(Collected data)

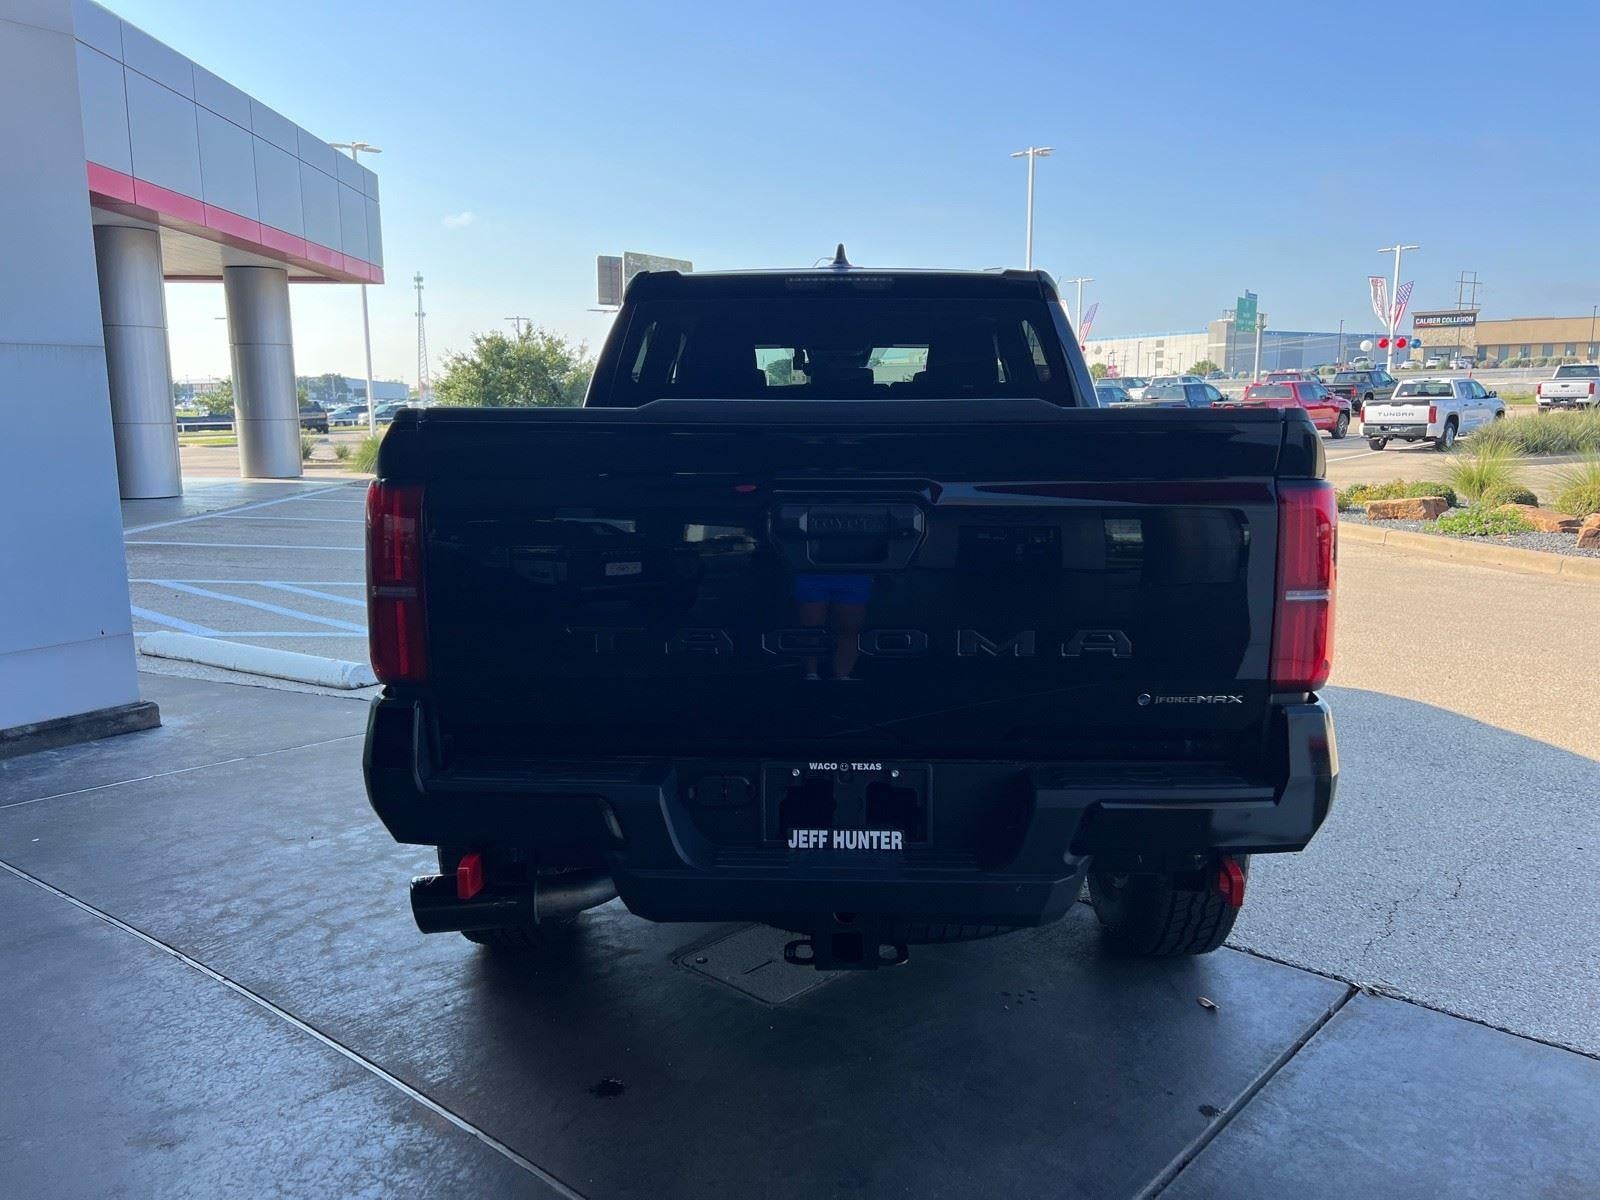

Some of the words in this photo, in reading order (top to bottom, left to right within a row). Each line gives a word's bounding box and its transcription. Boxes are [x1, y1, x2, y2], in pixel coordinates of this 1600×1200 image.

[1415, 317, 1441, 325] CALIBER
[1441, 315, 1474, 324] COLLISION
[564, 626, 1134, 658] TACOMA
[808, 762, 838, 770] WACO
[850, 762, 882, 771] TEXAS
[788, 829, 829, 849] JEFF
[832, 829, 903, 850] HUNTER
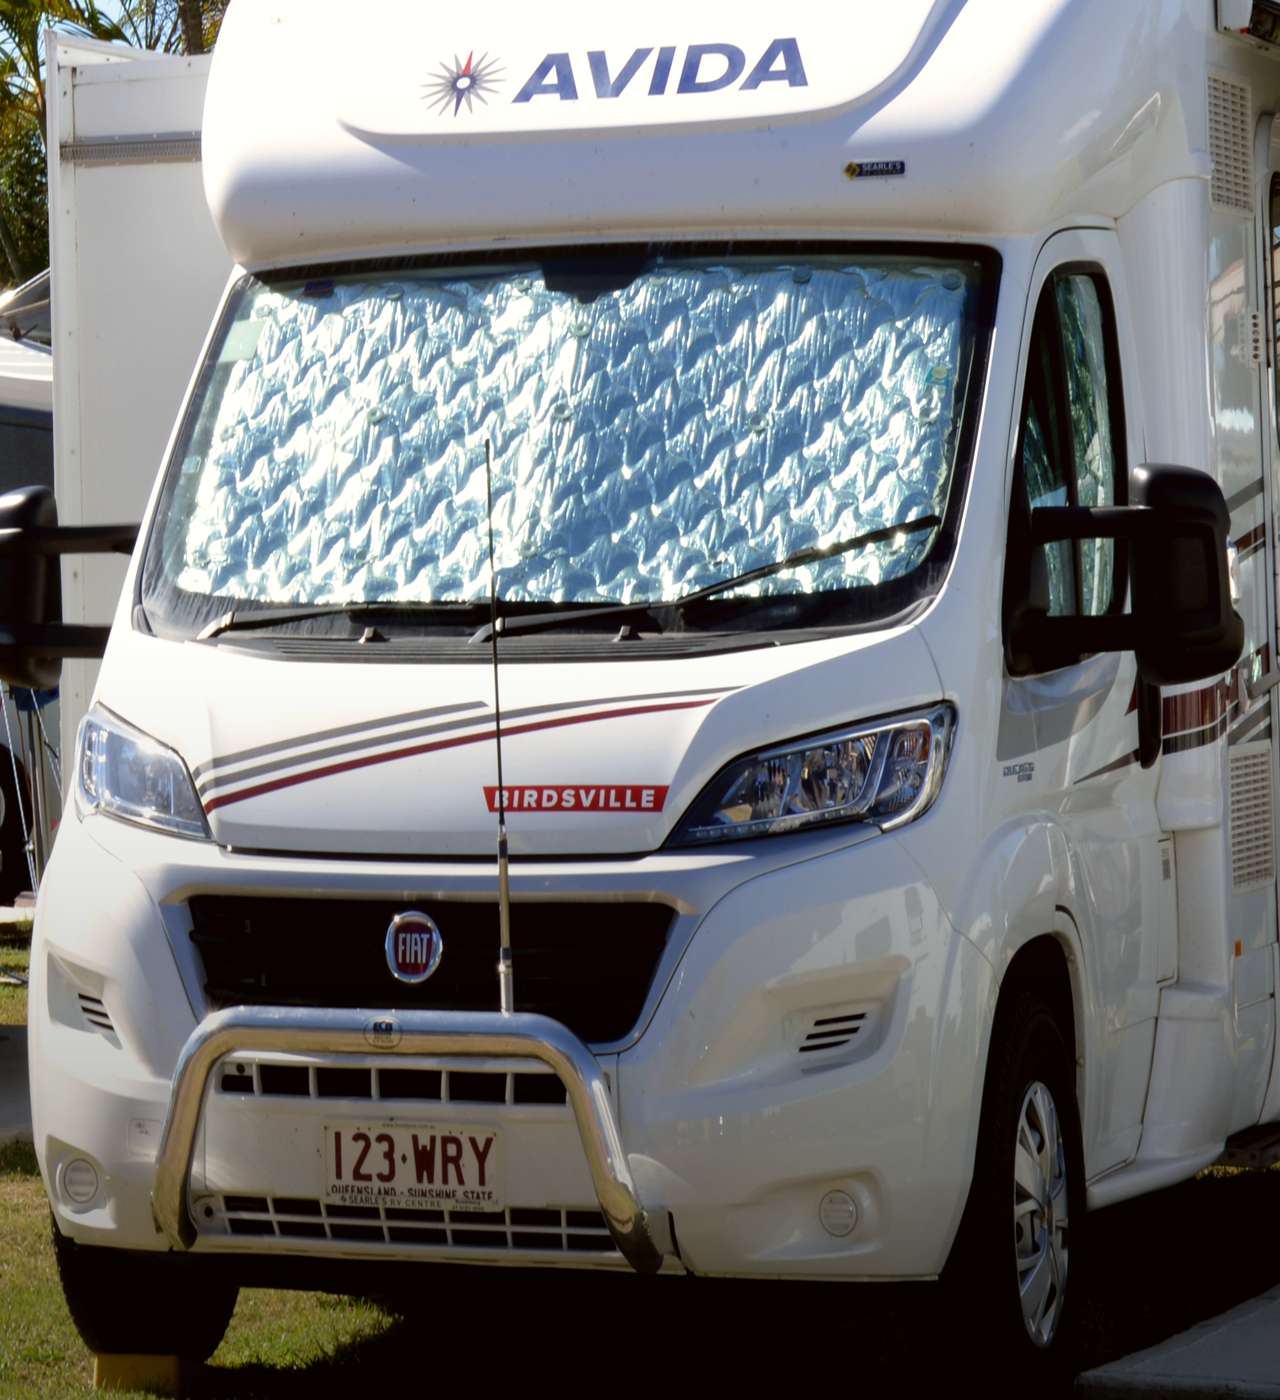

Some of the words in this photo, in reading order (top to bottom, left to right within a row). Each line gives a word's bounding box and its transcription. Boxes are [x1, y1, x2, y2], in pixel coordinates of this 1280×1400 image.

[511, 37, 809, 104] AVIDA
[493, 788, 655, 809] BIRDSVILLE
[398, 933, 430, 964] FIAT
[330, 1183, 397, 1196] QUEENSLAND
[407, 1187, 458, 1199] SUNSHINE
[462, 1190, 494, 1200] STATE

What needs to be done :: Print all of the entries word for word. Omit the pictures they contain.

Answer to the problem ::
Some of the words in this photo, in reading order (top to bottom, left to right within a row). Each line gives a word's bounding box and its transcription. Boxes are [x1, y1, x2, y2], in pixel coordinates of this 1600×1200 image.

[1415, 317, 1441, 325] CALIBER
[1441, 315, 1474, 324] COLLISION
[564, 626, 1134, 658] TACOMA
[808, 762, 838, 770] WACO
[850, 762, 882, 771] TEXAS
[788, 829, 829, 849] JEFF
[832, 829, 903, 850] HUNTER

Some of the words in this photo, in reading order (top to bottom, left to right within a row). Each line gives a word's bounding box and its transcription. Boxes are [x1, y1, x2, y2], in pixel coordinates of this 1280×1400 image.

[511, 37, 809, 104] AVIDA
[493, 788, 655, 809] BIRDSVILLE
[398, 933, 430, 964] FIAT
[330, 1183, 397, 1196] QUEENSLAND
[407, 1187, 458, 1199] SUNSHINE
[462, 1190, 494, 1200] STATE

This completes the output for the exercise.